## INSTRUCTIONS FOR THE TASK
An exact copy of all the data below is required.

## EXERCISE DATA
======
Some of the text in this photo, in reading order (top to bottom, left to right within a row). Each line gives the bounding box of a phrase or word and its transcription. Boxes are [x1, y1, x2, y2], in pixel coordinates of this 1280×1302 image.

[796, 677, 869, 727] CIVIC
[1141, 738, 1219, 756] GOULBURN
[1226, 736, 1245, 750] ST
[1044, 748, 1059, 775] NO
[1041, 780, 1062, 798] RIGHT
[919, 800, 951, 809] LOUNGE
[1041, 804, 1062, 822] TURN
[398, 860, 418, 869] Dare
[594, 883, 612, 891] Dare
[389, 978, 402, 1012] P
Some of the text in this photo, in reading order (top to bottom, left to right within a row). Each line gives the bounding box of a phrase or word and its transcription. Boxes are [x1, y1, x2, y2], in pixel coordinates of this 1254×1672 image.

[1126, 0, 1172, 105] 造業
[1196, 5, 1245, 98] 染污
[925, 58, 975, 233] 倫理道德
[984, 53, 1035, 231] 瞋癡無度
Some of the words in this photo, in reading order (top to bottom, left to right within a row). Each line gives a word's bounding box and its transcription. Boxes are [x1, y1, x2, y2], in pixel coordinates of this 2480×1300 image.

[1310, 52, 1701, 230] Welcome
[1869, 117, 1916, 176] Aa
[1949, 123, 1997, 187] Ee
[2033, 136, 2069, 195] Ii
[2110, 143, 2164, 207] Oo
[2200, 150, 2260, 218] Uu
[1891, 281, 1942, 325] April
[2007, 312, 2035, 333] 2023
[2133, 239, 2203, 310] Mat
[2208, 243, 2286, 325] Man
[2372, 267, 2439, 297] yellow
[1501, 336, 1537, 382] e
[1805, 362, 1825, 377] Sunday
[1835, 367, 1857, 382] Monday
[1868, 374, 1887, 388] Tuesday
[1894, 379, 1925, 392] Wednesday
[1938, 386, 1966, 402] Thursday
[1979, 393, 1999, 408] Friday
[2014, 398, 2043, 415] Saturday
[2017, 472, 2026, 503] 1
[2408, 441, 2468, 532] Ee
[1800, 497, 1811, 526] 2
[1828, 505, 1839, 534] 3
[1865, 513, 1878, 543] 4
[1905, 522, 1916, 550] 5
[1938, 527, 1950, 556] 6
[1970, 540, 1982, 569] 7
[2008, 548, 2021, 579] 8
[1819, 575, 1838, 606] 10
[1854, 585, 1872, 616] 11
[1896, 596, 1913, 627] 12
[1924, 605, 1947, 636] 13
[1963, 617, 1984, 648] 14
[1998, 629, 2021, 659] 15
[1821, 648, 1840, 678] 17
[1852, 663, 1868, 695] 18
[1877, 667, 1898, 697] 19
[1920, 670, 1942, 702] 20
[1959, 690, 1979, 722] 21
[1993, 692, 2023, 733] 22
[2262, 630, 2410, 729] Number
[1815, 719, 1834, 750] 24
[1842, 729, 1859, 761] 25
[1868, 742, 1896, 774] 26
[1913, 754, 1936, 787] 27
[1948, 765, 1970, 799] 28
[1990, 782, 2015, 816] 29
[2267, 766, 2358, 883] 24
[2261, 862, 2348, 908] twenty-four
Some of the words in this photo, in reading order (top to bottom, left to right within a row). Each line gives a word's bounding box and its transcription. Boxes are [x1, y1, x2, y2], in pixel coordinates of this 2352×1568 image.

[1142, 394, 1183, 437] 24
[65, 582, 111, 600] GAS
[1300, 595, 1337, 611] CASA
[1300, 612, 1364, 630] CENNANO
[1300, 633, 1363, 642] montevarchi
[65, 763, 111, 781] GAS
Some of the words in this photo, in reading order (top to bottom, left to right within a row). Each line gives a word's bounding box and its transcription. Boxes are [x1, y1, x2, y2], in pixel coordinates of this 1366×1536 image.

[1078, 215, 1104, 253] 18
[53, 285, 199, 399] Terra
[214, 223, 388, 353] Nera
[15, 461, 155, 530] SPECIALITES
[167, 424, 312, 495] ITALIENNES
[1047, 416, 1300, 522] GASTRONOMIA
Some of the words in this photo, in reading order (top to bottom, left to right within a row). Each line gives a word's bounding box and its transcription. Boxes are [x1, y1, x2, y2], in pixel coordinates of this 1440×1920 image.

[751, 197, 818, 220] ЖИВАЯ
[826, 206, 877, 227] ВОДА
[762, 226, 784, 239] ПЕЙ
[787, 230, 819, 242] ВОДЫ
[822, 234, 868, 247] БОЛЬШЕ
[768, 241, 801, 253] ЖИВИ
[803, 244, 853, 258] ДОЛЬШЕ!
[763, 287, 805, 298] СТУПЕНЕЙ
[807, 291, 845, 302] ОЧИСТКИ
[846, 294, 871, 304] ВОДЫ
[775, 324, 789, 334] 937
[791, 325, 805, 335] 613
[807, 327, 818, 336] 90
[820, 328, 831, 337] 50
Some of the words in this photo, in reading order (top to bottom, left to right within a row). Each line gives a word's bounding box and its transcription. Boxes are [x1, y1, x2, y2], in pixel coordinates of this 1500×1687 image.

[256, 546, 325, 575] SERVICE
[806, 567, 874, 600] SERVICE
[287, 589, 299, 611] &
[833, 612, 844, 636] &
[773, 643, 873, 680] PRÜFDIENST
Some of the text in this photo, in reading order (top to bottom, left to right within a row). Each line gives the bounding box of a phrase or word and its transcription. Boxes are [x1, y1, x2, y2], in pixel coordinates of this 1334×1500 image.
======
## SOLUTION TO THE PROBLEM
Some of the text in this photo, in reading order (top to bottom, left to right within a row). Each line gives the bounding box of a phrase or word and its transcription. Boxes are [x1, y1, x2, y2], in pixel coordinates of this 1280×1302 image.

[796, 677, 869, 727] CIVIC
[1141, 738, 1219, 756] GOULBURN
[1226, 736, 1245, 750] ST
[1044, 748, 1059, 775] NO
[1041, 780, 1062, 798] RIGHT
[919, 800, 951, 809] LOUNGE
[1041, 804, 1062, 822] TURN
[398, 860, 418, 869] Dare
[594, 883, 612, 891] Dare
[389, 978, 402, 1012] P
Some of the text in this photo, in reading order (top to bottom, left to right within a row). Each line gives the bounding box of a phrase or word and its transcription. Boxes are [x1, y1, x2, y2], in pixel coordinates of this 1254×1672 image.

[1126, 0, 1172, 105] 造業
[1196, 5, 1245, 98] 染污
[925, 58, 975, 233] 倫理道德
[984, 53, 1035, 231] 瞋癡無度
Some of the words in this photo, in reading order (top to bottom, left to right within a row). Each line gives a word's bounding box and its transcription. Boxes are [x1, y1, x2, y2], in pixel coordinates of this 2480×1300 image.

[1310, 52, 1701, 230] Welcome
[1869, 117, 1916, 176] Aa
[1949, 123, 1997, 187] Ee
[2033, 136, 2069, 195] Ii
[2110, 143, 2164, 207] Oo
[2200, 150, 2260, 218] Uu
[1891, 281, 1942, 325] April
[2007, 312, 2035, 333] 2023
[2133, 239, 2203, 310] Mat
[2208, 243, 2286, 325] Man
[2372, 267, 2439, 297] yellow
[1501, 336, 1537, 382] e
[1805, 362, 1825, 377] Sunday
[1835, 367, 1857, 382] Monday
[1868, 374, 1887, 388] Tuesday
[1894, 379, 1925, 392] Wednesday
[1938, 386, 1966, 402] Thursday
[1979, 393, 1999, 408] Friday
[2014, 398, 2043, 415] Saturday
[2017, 472, 2026, 503] 1
[2408, 441, 2468, 532] Ee
[1800, 497, 1811, 526] 2
[1828, 505, 1839, 534] 3
[1865, 513, 1878, 543] 4
[1905, 522, 1916, 550] 5
[1938, 527, 1950, 556] 6
[1970, 540, 1982, 569] 7
[2008, 548, 2021, 579] 8
[1819, 575, 1838, 606] 10
[1854, 585, 1872, 616] 11
[1896, 596, 1913, 627] 12
[1924, 605, 1947, 636] 13
[1963, 617, 1984, 648] 14
[1998, 629, 2021, 659] 15
[1821, 648, 1840, 678] 17
[1852, 663, 1868, 695] 18
[1877, 667, 1898, 697] 19
[1920, 670, 1942, 702] 20
[1959, 690, 1979, 722] 21
[1993, 692, 2023, 733] 22
[2262, 630, 2410, 729] Number
[1815, 719, 1834, 750] 24
[1842, 729, 1859, 761] 25
[1868, 742, 1896, 774] 26
[1913, 754, 1936, 787] 27
[1948, 765, 1970, 799] 28
[1990, 782, 2015, 816] 29
[2267, 766, 2358, 883] 24
[2261, 862, 2348, 908] twenty-four
Some of the words in this photo, in reading order (top to bottom, left to right within a row). Each line gives a word's bounding box and its transcription. Boxes are [x1, y1, x2, y2], in pixel coordinates of this 2352×1568 image.

[1142, 394, 1183, 437] 24
[65, 582, 111, 600] GAS
[1300, 595, 1337, 611] CASA
[1300, 612, 1364, 630] CENNANO
[1300, 633, 1363, 642] montevarchi
[65, 763, 111, 781] GAS
Some of the words in this photo, in reading order (top to bottom, left to right within a row). Each line gives a word's bounding box and its transcription. Boxes are [x1, y1, x2, y2], in pixel coordinates of this 1366×1536 image.

[1078, 215, 1104, 253] 18
[53, 285, 199, 399] Terra
[214, 223, 388, 353] Nera
[15, 461, 155, 530] SPECIALITES
[167, 424, 312, 495] ITALIENNES
[1047, 416, 1300, 522] GASTRONOMIA
Some of the words in this photo, in reading order (top to bottom, left to right within a row). Each line gives a word's bounding box and its transcription. Boxes are [x1, y1, x2, y2], in pixel coordinates of this 1440×1920 image.

[751, 197, 818, 220] ЖИВАЯ
[826, 206, 877, 227] ВОДА
[762, 226, 784, 239] ПЕЙ
[787, 230, 819, 242] ВОДЫ
[822, 234, 868, 247] БОЛЬШЕ
[768, 241, 801, 253] ЖИВИ
[803, 244, 853, 258] ДОЛЬШЕ!
[763, 287, 805, 298] СТУПЕНЕЙ
[807, 291, 845, 302] ОЧИСТКИ
[846, 294, 871, 304] ВОДЫ
[775, 324, 789, 334] 937
[791, 325, 805, 335] 613
[807, 327, 818, 336] 90
[820, 328, 831, 337] 50
Some of the words in this photo, in reading order (top to bottom, left to right within a row). Each line gives a word's bounding box and its transcription. Boxes are [x1, y1, x2, y2], in pixel coordinates of this 1500×1687 image.

[256, 546, 325, 575] SERVICE
[806, 567, 874, 600] SERVICE
[287, 589, 299, 611] &
[833, 612, 844, 636] &
[773, 643, 873, 680] PRÜFDIENST
Some of the text in this photo, in reading order (top to bottom, left to right within a row). Each line gives the bounding box of a phrase or word and its transcription. Boxes are [x1, y1, x2, y2], in pixel coordinates of this 1334×1500 image.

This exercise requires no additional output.